[[ SUPPLIED RECORDS, beginning ]]

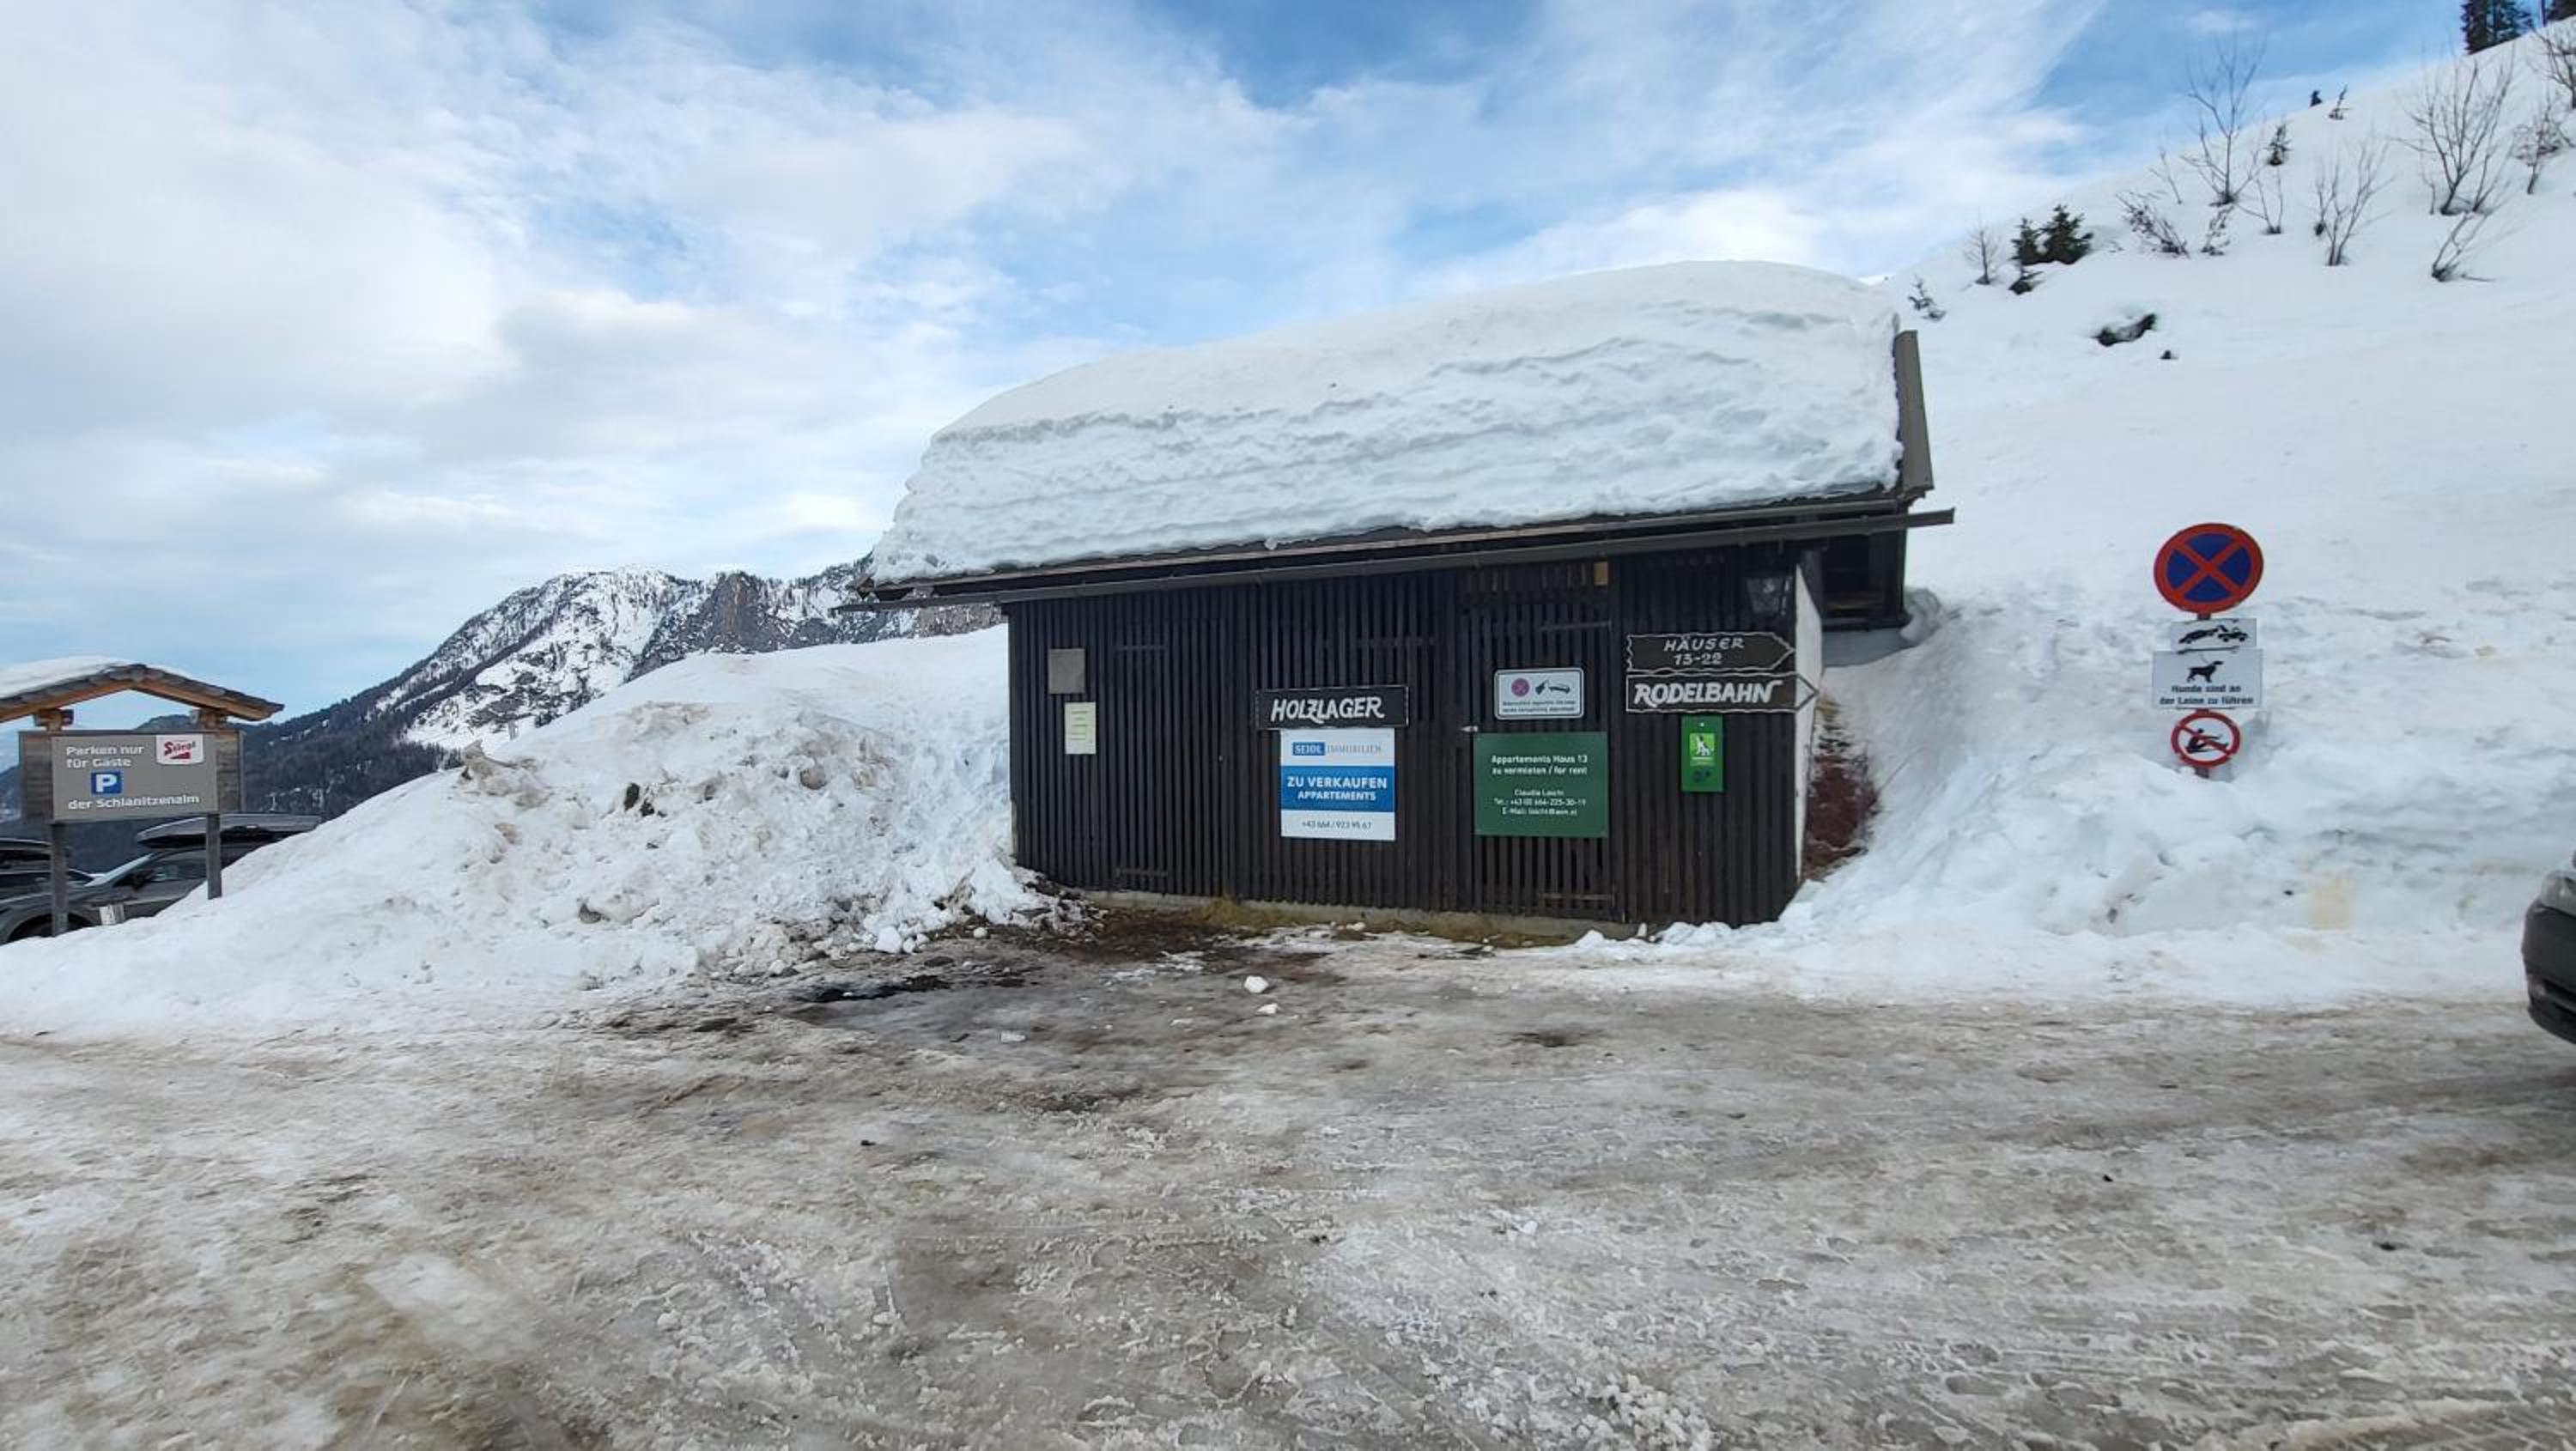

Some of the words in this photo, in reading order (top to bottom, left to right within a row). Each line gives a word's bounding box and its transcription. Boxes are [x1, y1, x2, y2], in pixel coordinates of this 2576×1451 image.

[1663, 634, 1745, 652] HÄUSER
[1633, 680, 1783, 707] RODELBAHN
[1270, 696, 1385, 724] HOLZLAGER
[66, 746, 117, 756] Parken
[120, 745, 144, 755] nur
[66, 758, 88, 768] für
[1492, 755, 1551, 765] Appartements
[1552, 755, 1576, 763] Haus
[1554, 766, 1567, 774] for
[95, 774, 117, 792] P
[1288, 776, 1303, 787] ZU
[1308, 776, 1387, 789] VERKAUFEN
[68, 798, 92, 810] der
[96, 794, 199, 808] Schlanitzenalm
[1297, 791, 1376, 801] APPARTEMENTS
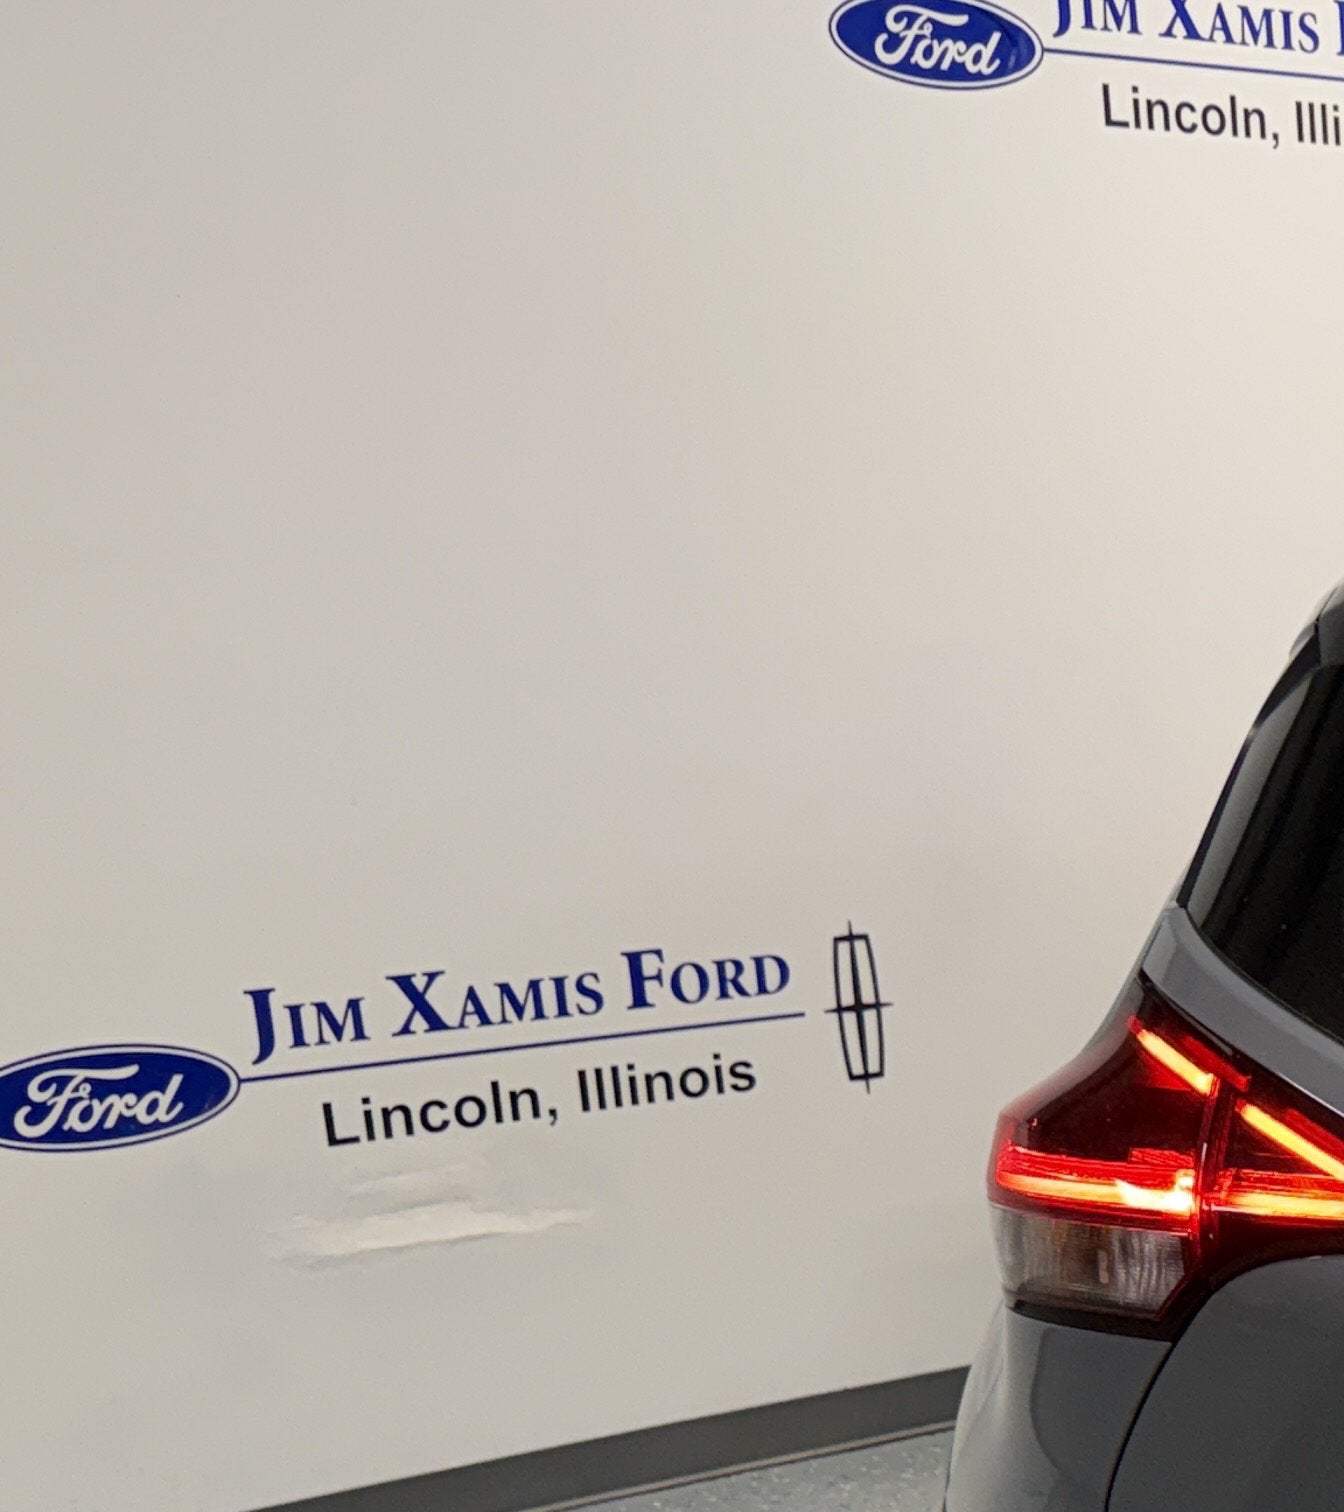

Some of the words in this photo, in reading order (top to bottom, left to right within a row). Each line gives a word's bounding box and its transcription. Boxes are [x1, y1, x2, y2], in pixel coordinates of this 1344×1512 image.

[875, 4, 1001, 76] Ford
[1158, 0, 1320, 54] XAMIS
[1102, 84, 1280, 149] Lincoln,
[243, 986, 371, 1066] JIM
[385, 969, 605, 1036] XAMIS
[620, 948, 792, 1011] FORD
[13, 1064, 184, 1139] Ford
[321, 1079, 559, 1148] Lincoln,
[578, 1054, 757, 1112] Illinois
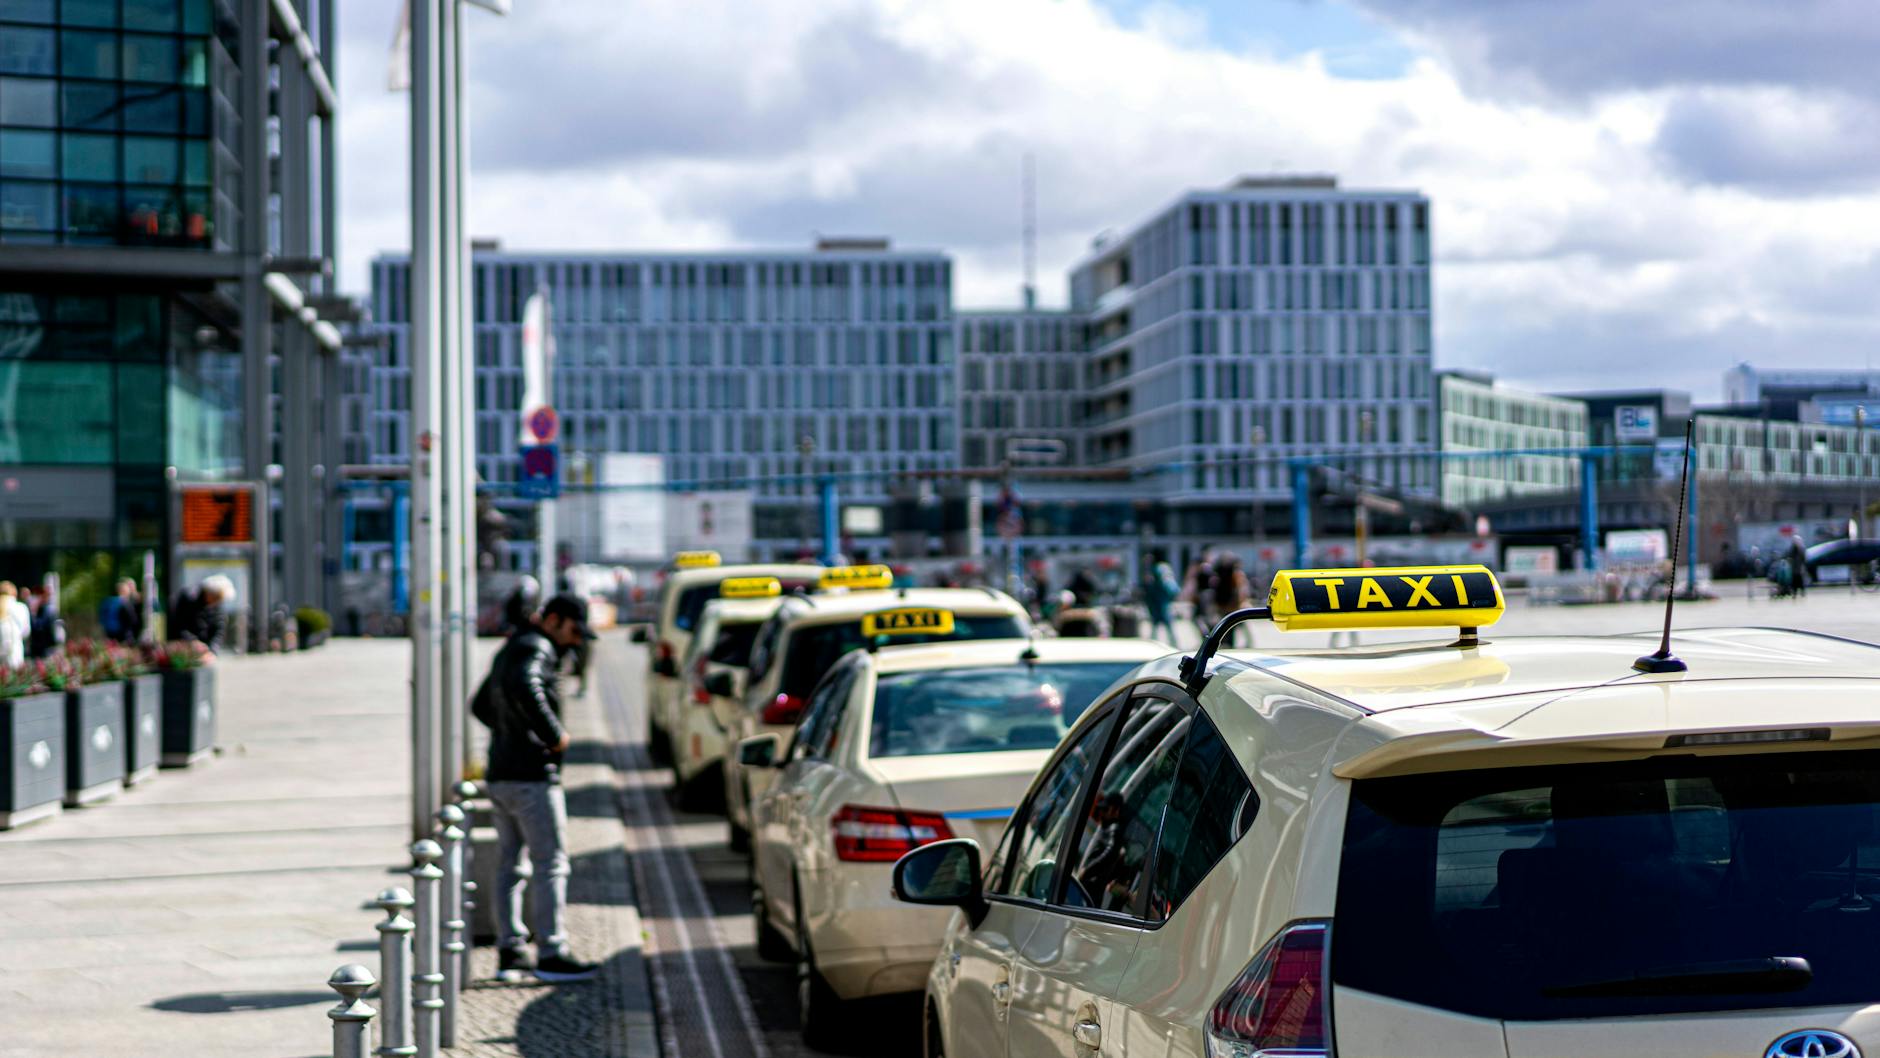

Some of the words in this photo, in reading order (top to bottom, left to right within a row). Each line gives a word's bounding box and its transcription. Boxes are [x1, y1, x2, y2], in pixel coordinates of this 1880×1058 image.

[[ SUPPLIED RECORDS, end ]]

**REQUIRED WORK**: Every entry is to be transcribed exactly, but the pictures are to be left out.

**TASK RESPONSE**:
Some of the words in this photo, in reading order (top to bottom, left to right within a row). Each line gives a word's bounding box and its transcription. Boxes are [x1, y1, x2, y2], in pixel coordinates of this 2576×1451 image.

[1663, 634, 1745, 652] HÄUSER
[1633, 680, 1783, 707] RODELBAHN
[1270, 696, 1385, 724] HOLZLAGER
[66, 746, 117, 756] Parken
[120, 745, 144, 755] nur
[66, 758, 88, 768] für
[1492, 755, 1551, 765] Appartements
[1552, 755, 1576, 763] Haus
[1554, 766, 1567, 774] for
[95, 774, 117, 792] P
[1288, 776, 1303, 787] ZU
[1308, 776, 1387, 789] VERKAUFEN
[68, 798, 92, 810] der
[96, 794, 199, 808] Schlanitzenalm
[1297, 791, 1376, 801] APPARTEMENTS

Some of the words in this photo, in reading order (top to bottom, left to right within a row). Each line gives a word's bounding box and its transcription. Boxes are [x1, y1, x2, y2], in pixel coordinates of this 1344×1512 image.

[875, 4, 1001, 76] Ford
[1158, 0, 1320, 54] XAMIS
[1102, 84, 1280, 149] Lincoln,
[243, 986, 371, 1066] JIM
[385, 969, 605, 1036] XAMIS
[620, 948, 792, 1011] FORD
[13, 1064, 184, 1139] Ford
[321, 1079, 559, 1148] Lincoln,
[578, 1054, 757, 1112] Illinois

Some of the words in this photo, in reading order (top to bottom, left to right within a row). Each line gives a word's bounding box and its transcription. Boxes are [x1, y1, x2, y2], in pixel coordinates of this 1880×1058 image.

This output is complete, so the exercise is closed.